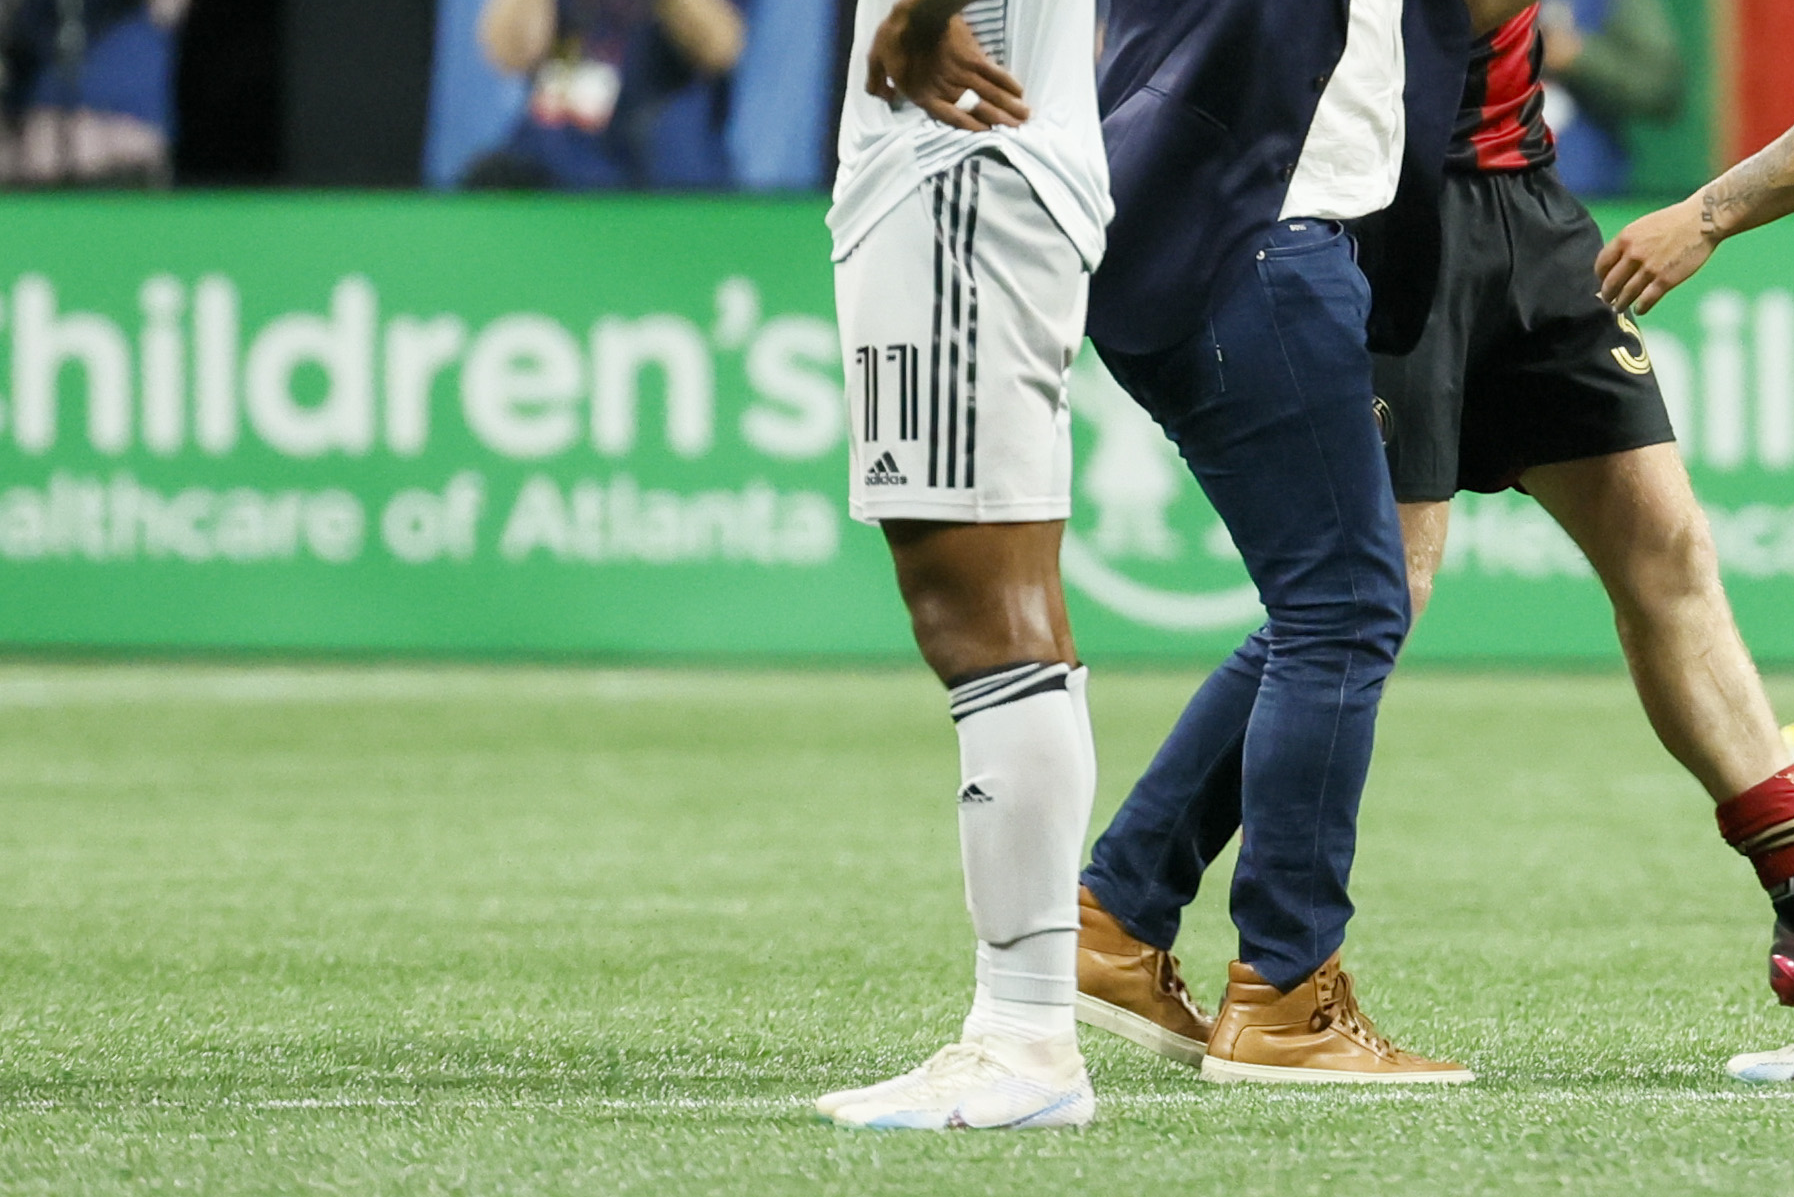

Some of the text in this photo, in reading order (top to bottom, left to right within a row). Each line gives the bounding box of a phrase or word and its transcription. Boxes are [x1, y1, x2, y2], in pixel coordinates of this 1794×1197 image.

[0, 274, 842, 458] hildren's
[856, 344, 918, 442] 11
[498, 474, 840, 566] Atlanta
[864, 473, 908, 486] adidas
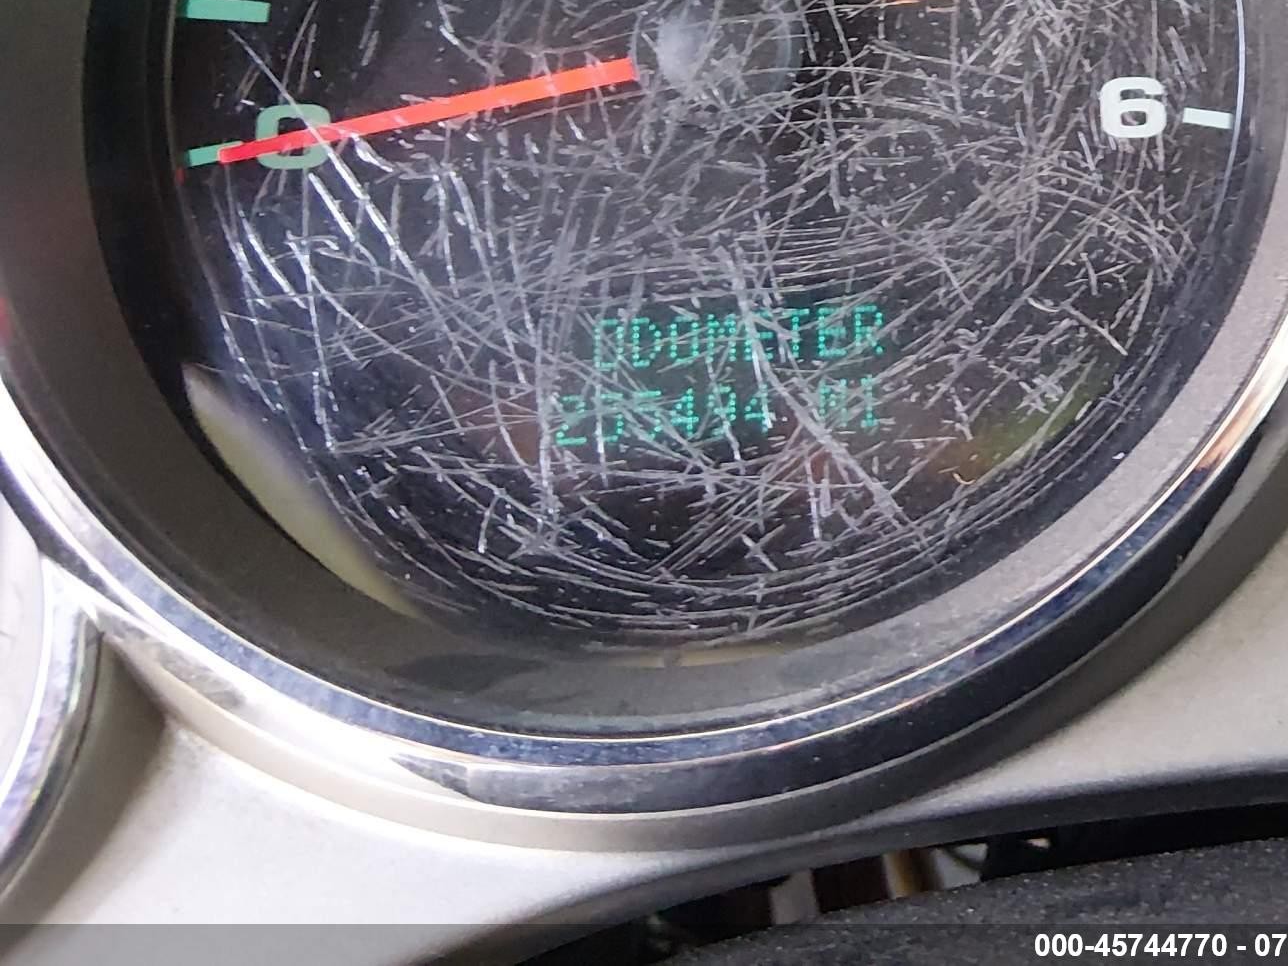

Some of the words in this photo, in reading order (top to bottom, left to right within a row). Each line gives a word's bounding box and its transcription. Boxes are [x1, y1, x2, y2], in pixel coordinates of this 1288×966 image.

[255, 102, 332, 169] 0
[1098, 76, 1168, 138] 6
[593, 304, 886, 372] ODOMETER
[818, 374, 877, 430] MI

ASSIGNMENT:
An exact copy of the entries from the line containing "Some of the words" through the last line is the expected answer.

TASK RESULT:
Some of the words in this photo, in reading order (top to bottom, left to right within a row). Each line gives a word's bounding box and its transcription. Boxes are [x1, y1, x2, y2], in pixel coordinates of this 1288×966 image.

[255, 102, 332, 169] 0
[1098, 76, 1168, 138] 6
[593, 304, 886, 372] ODOMETER
[818, 374, 877, 430] MI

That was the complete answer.